*WORK REQUEST*.
Your reply should be the entries, output word for word, with each picture omitted.
Start of THE INPUT
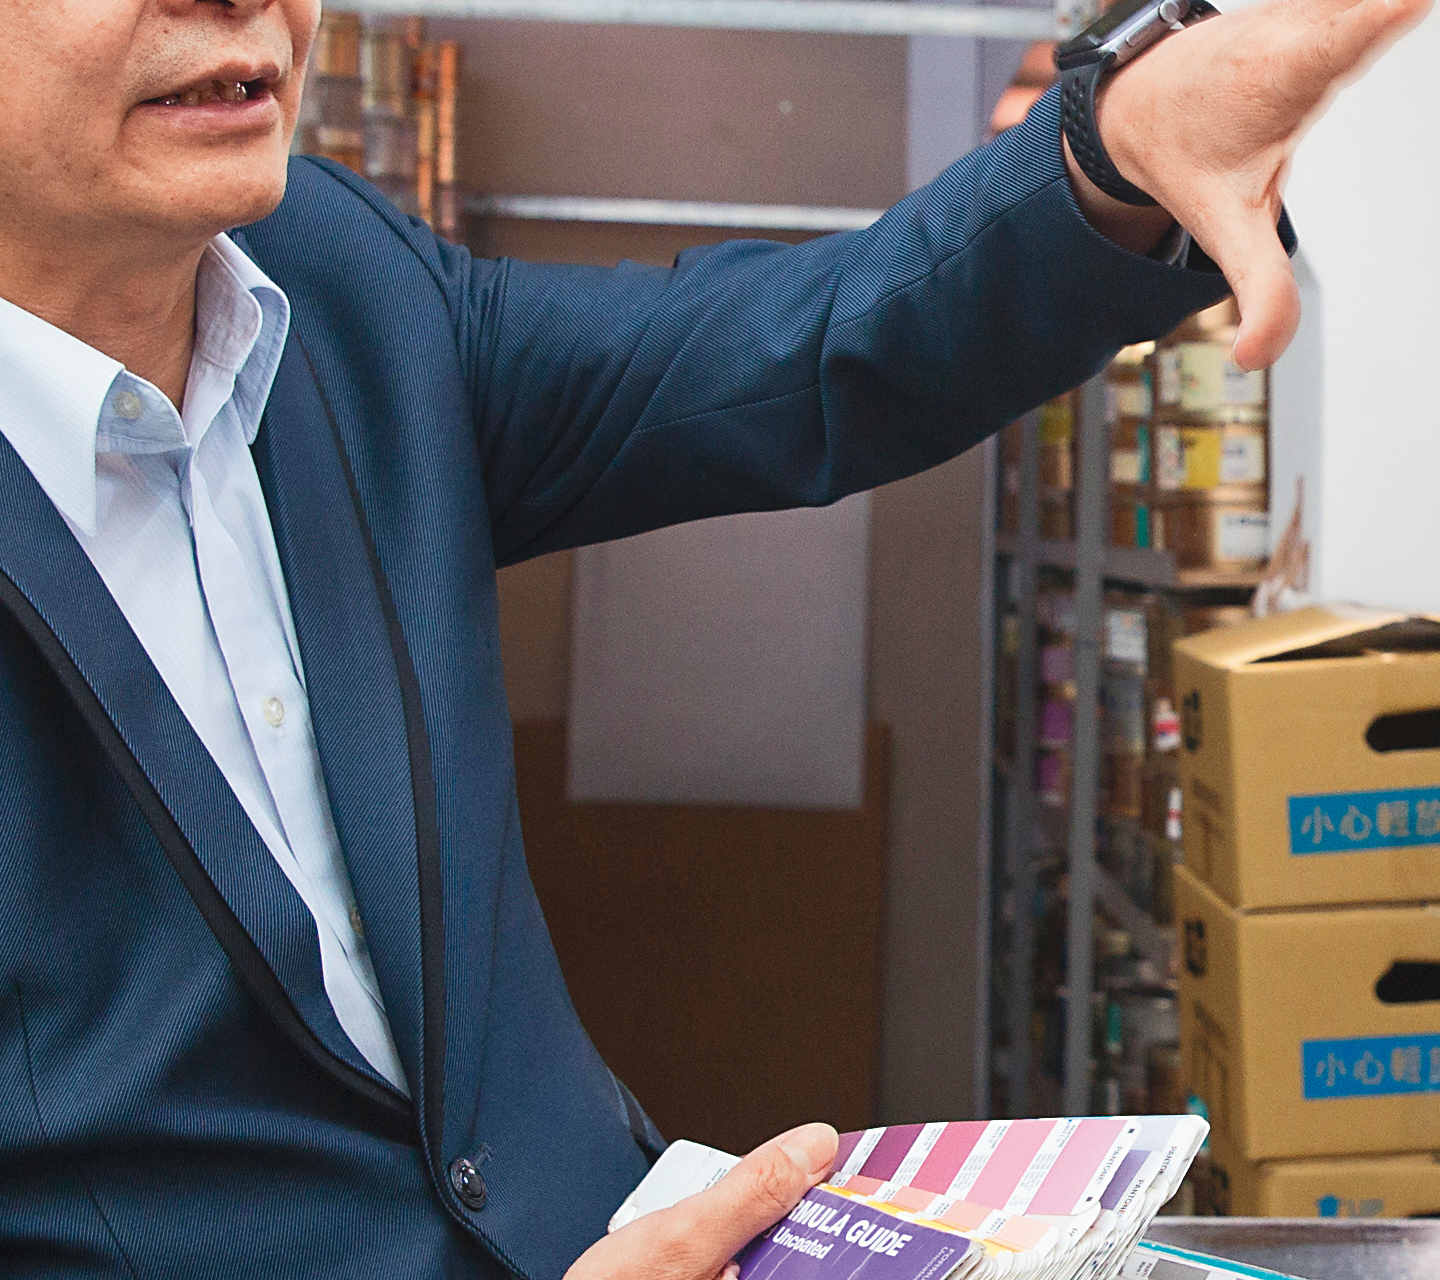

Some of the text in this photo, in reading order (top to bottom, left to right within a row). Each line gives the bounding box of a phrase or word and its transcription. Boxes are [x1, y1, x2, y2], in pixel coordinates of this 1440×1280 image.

[1096, 1145, 1122, 1184] PANTONE
[1160, 1145, 1178, 1176] PANTON
[1117, 1179, 1145, 1218] PANTONE
[772, 1226, 834, 1260] Uncoated
[788, 1200, 913, 1257] RMULA GUIDE
End of THE INPUT
*RESPONSE TO THE TASK*.
Some of the text in this photo, in reading order (top to bottom, left to right within a row). Each line gives the bounding box of a phrase or word and its transcription. Boxes are [x1, y1, x2, y2], in pixel coordinates of this 1440×1280 image.

[1096, 1145, 1122, 1184] PANTONE
[1160, 1145, 1178, 1176] PANTON
[1117, 1179, 1145, 1218] PANTONE
[772, 1226, 834, 1260] Uncoated
[788, 1200, 913, 1257] RMULA GUIDE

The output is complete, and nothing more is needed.